Start of Block
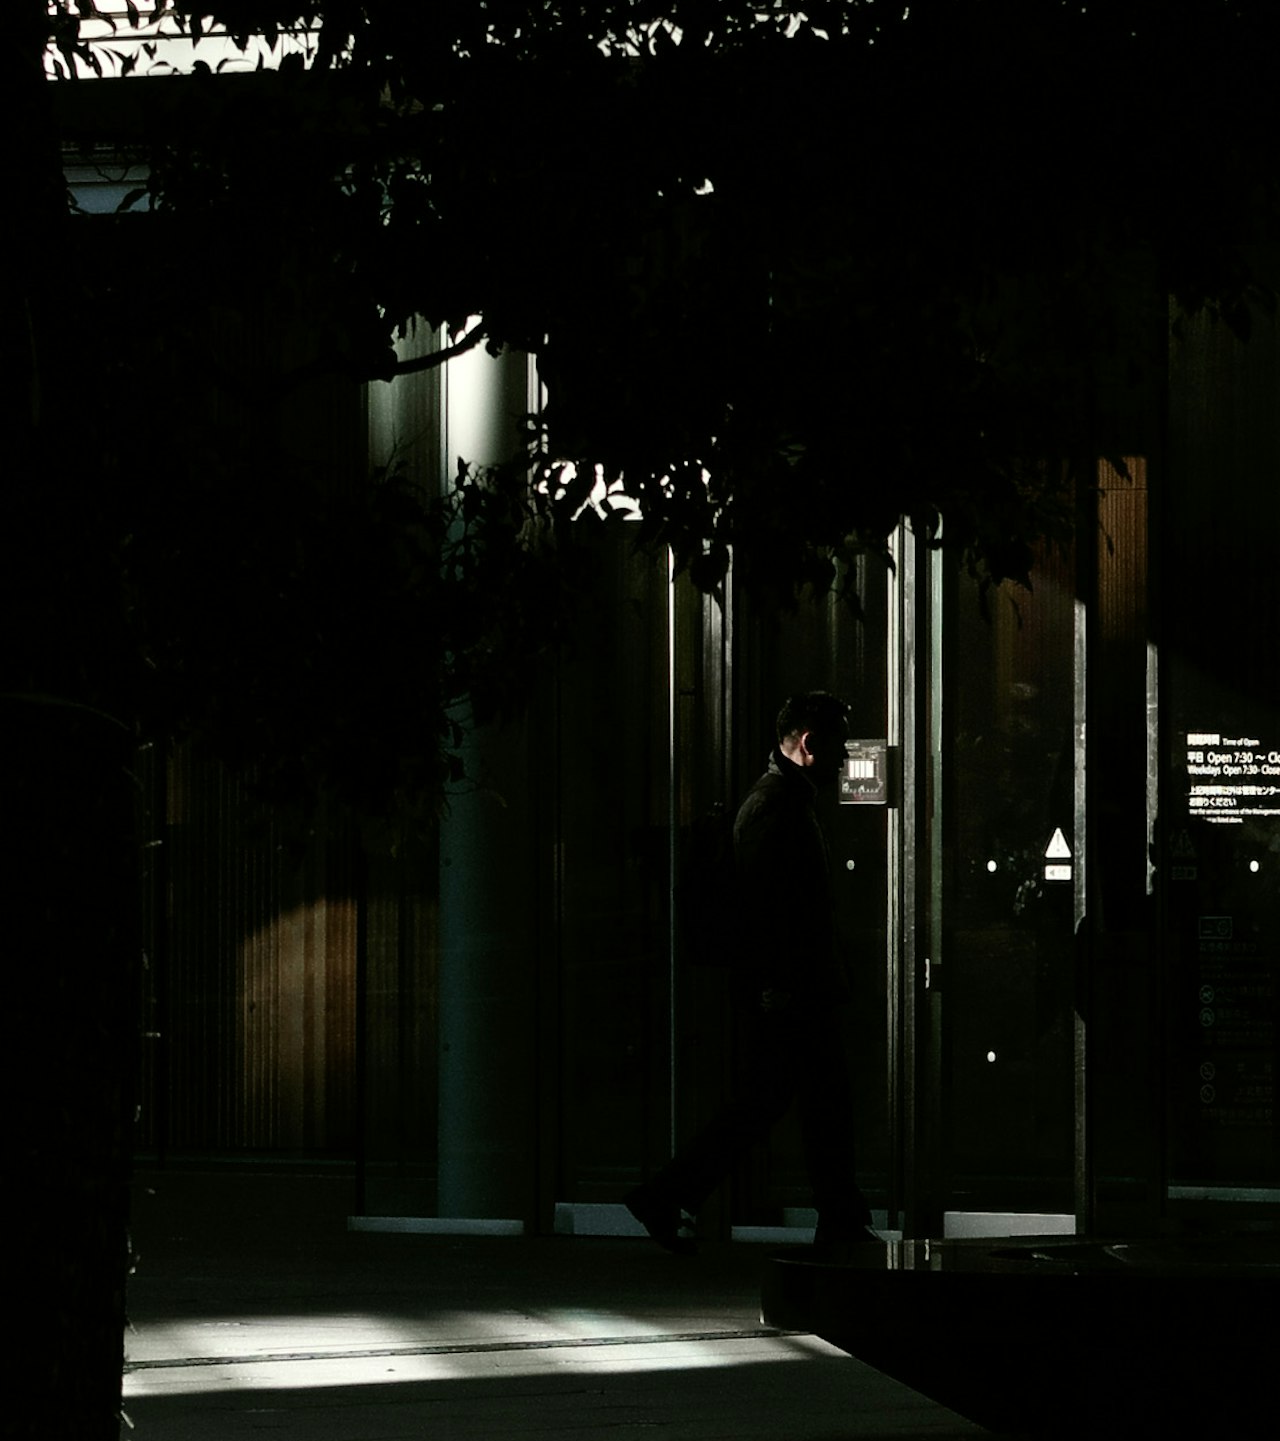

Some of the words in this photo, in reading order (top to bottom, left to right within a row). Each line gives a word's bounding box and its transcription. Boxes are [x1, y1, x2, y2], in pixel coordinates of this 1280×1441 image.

[1187, 751, 1203, 763] 平日
[1207, 752, 1232, 765] Open
[1234, 752, 1253, 763] 7:30
[1187, 765, 1221, 776] Weekdays
[1223, 765, 1241, 776] Open
[1261, 765, 1280, 774] Close
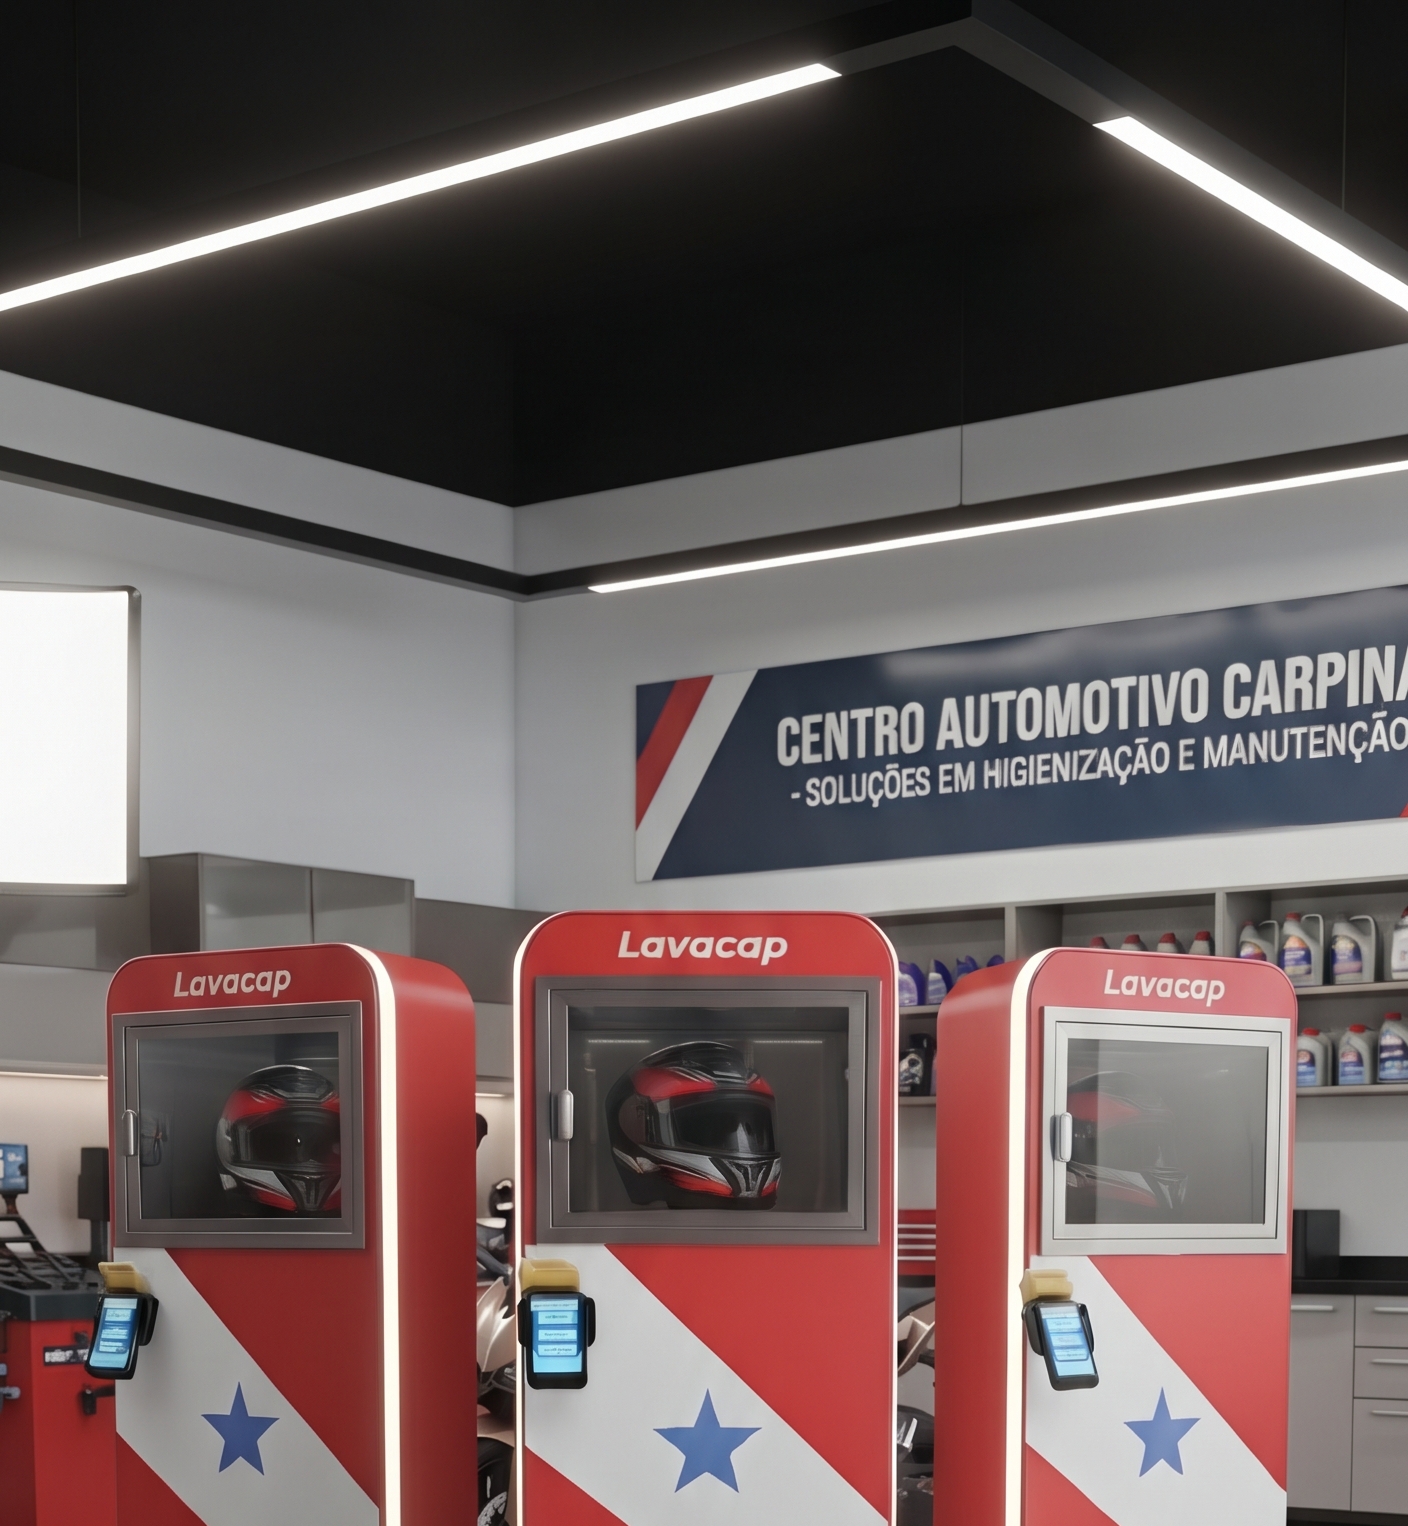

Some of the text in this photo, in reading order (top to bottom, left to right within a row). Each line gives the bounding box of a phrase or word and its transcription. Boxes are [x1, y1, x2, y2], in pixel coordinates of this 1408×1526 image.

[777, 701, 925, 767] CENTRO
[936, 668, 1209, 751] AUTOMOTIVO
[806, 763, 931, 808] SOLUÇÕES
[939, 761, 975, 794] EM
[984, 737, 1170, 786] HIGIENIZAÇÃO
[1179, 738, 1196, 771] E
[1203, 711, 1408, 764] MANUTENÇÃO
[618, 931, 788, 965] Lavacap
[174, 969, 292, 998] Lavacap
[1103, 969, 1226, 1007] Lavacap
End of Block
• **TASK GOAL**:
Where an entry includes a picture, drop it, and print the rest of the material word for word.

• **EXERCISE OUTPUT**:
Some of the words in this photo, in reading order (top to bottom, left to right within a row). Each line gives a word's bounding box and its transcription. Boxes are [x1, y1, x2, y2], in pixel coordinates of this 1280×1441 image.

[1187, 751, 1203, 763] 平日
[1207, 752, 1232, 765] Open
[1234, 752, 1253, 763] 7:30
[1187, 765, 1221, 776] Weekdays
[1223, 765, 1241, 776] Open
[1261, 765, 1280, 774] Close

Some of the text in this photo, in reading order (top to bottom, left to right within a row). Each line gives the bounding box of a phrase or word and its transcription. Boxes are [x1, y1, x2, y2], in pixel coordinates of this 1408×1526 image.

[777, 701, 925, 767] CENTRO
[936, 668, 1209, 751] AUTOMOTIVO
[806, 763, 931, 808] SOLUÇÕES
[939, 761, 975, 794] EM
[984, 737, 1170, 786] HIGIENIZAÇÃO
[1179, 738, 1196, 771] E
[1203, 711, 1408, 764] MANUTENÇÃO
[618, 931, 788, 965] Lavacap
[174, 969, 292, 998] Lavacap
[1103, 969, 1226, 1007] Lavacap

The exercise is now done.